Furthermore, one of the most complicated and expensive features in the prior art of heat powered engines is the expander valve actuation mechanism. While the Webb reference teaches the use of automatic valves (such as reed valves, or the spring loaded poppet valves shown in FIG. 3) for controlling the flow of working fluid to the compressor, in contrast it teaches the use of “a slide or other valve, not shown, for controlling admission and exhaust” from the expander. FIG. 3 shows a sliding “Dee” valve 66 of a form well known in the art of steam engines. However, because of the sliding contact, such Dee valves must be lubricated to prevent undo friction, and are not able to function reliably at high speed and temperature. In contrast, poppet valves, such as those described in the Bush reference, avoid sliding contact, and are very highly developed in the field of internal combustion engines. Such poppet valves typically involve components such as cams, tappets, rockers and followers, as in conventional automobile engines, or pneumatic actuators, such as described by the Bush reference, or may involve electromagnetic actuators. With regard to the Bush reference in particular, at least three different means are disclosed by which the expander inlet valve may be opened automatically in response to either the increasing pressure within the expander cylinder as the expander piston approaches the top of the cylinder, or by actual contact with the expander piston itself. However, Bush does not teach how the expander inlet and outlet valves may be made to act fully automatically, as has long been known in the art for compressor valves.

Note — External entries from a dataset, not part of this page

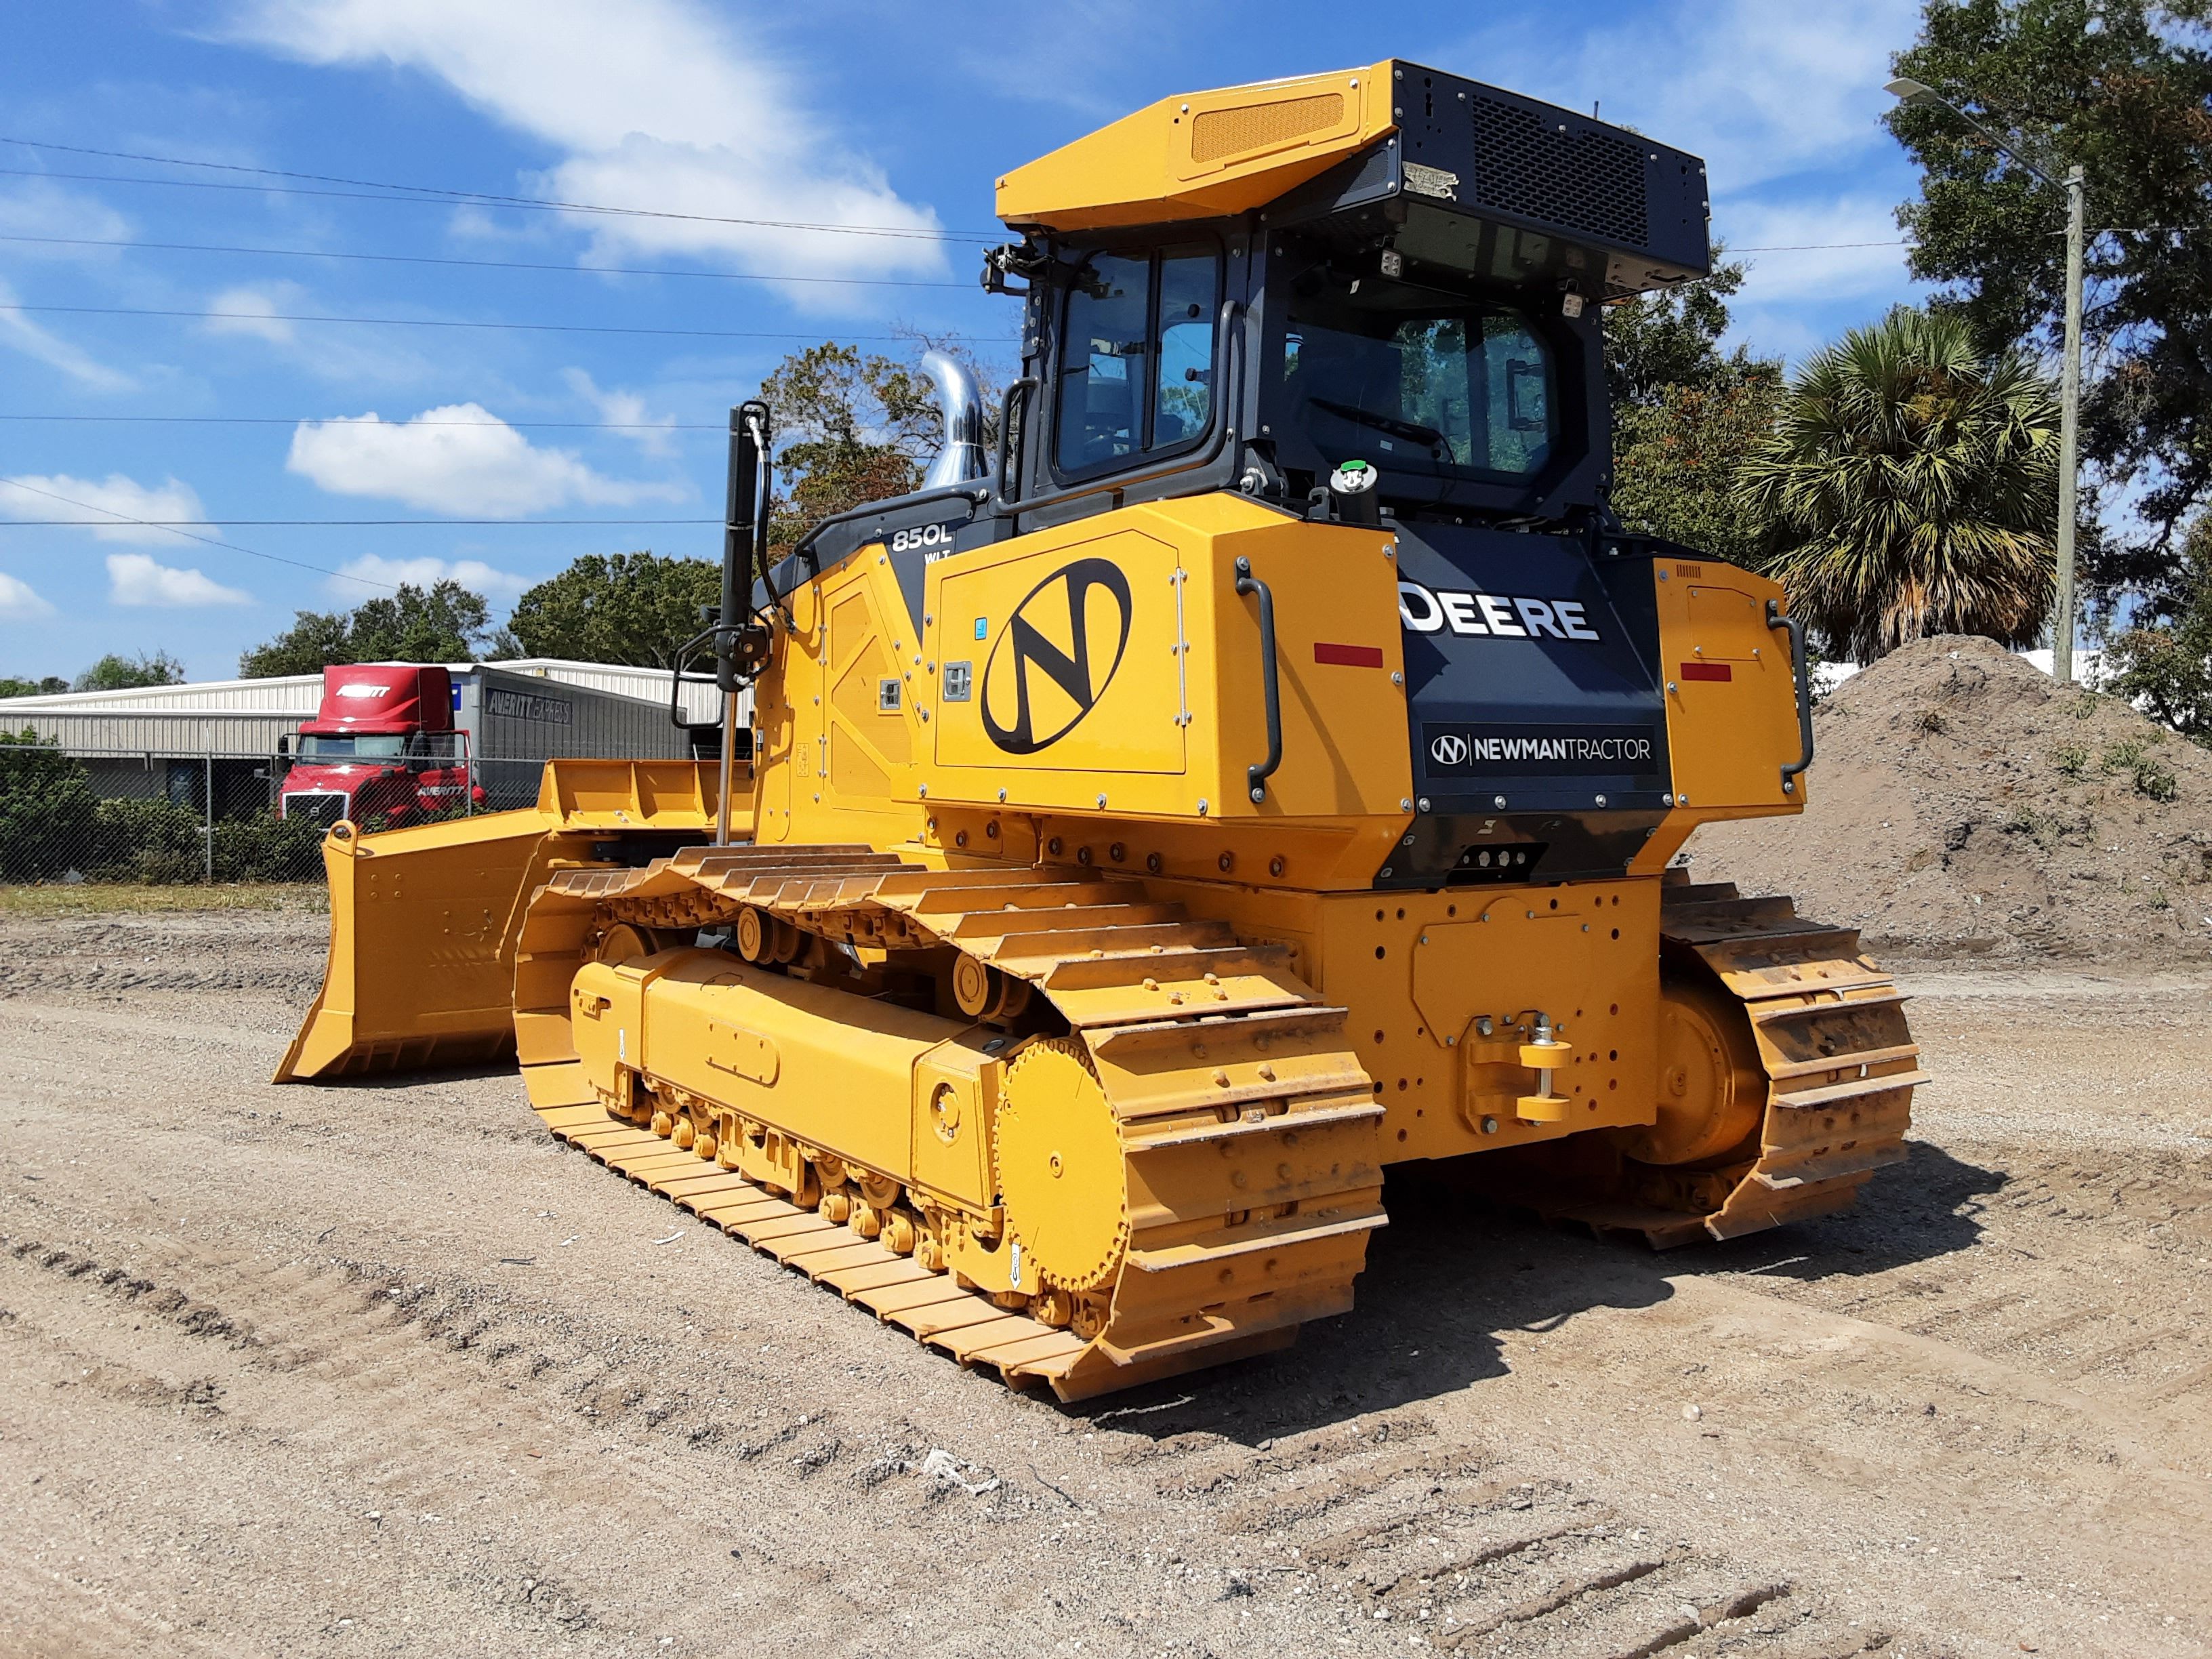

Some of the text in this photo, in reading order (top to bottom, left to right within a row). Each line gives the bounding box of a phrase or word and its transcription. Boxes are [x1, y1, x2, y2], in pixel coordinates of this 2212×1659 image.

[892, 524, 952, 552] 850L
[1397, 581, 1600, 640] DEERE
[335, 684, 391, 698] AITT
[489, 691, 533, 718] AVERITT
[417, 786, 465, 796] AVERITT

In U.S. Pat. No. 6,062,181 to von Gaisberg et al, entitled “Arrangement for an electromagnetic valve timing control,” and in U.S. Pat. No. 6,302,068 to Moyer, entitled “Fast acting engine valve control with soft landing,” and in U.S. Pat. No. 6,394,416 to von Gaisberg, entitled “Device for operating a gas exchange valve,” the use of poppet valves partially actuated by springs is taught, with solenoids activated to open and/or to close the valves. In U.S. Pat. No. 5,058,538 to Erickson et al, entitled “Hydraulically propelled pneumatically returned valve actuator”, hydraulic and pneumatic activators are taught, instead of the solenoids used in the three previously mentioned cases. However, this prior art does not teach the use, or particular advantages of resonantly acting, harmonic oscillator valves in the expander of an external heat powered engine.
Thus there is a need to overcome the thermal inefficiency and pressure hysteresis factors associated with the known arrangements shown in the prior art, as well as overcome the other limitations of the prior art, including those associated with expander valves and their operation.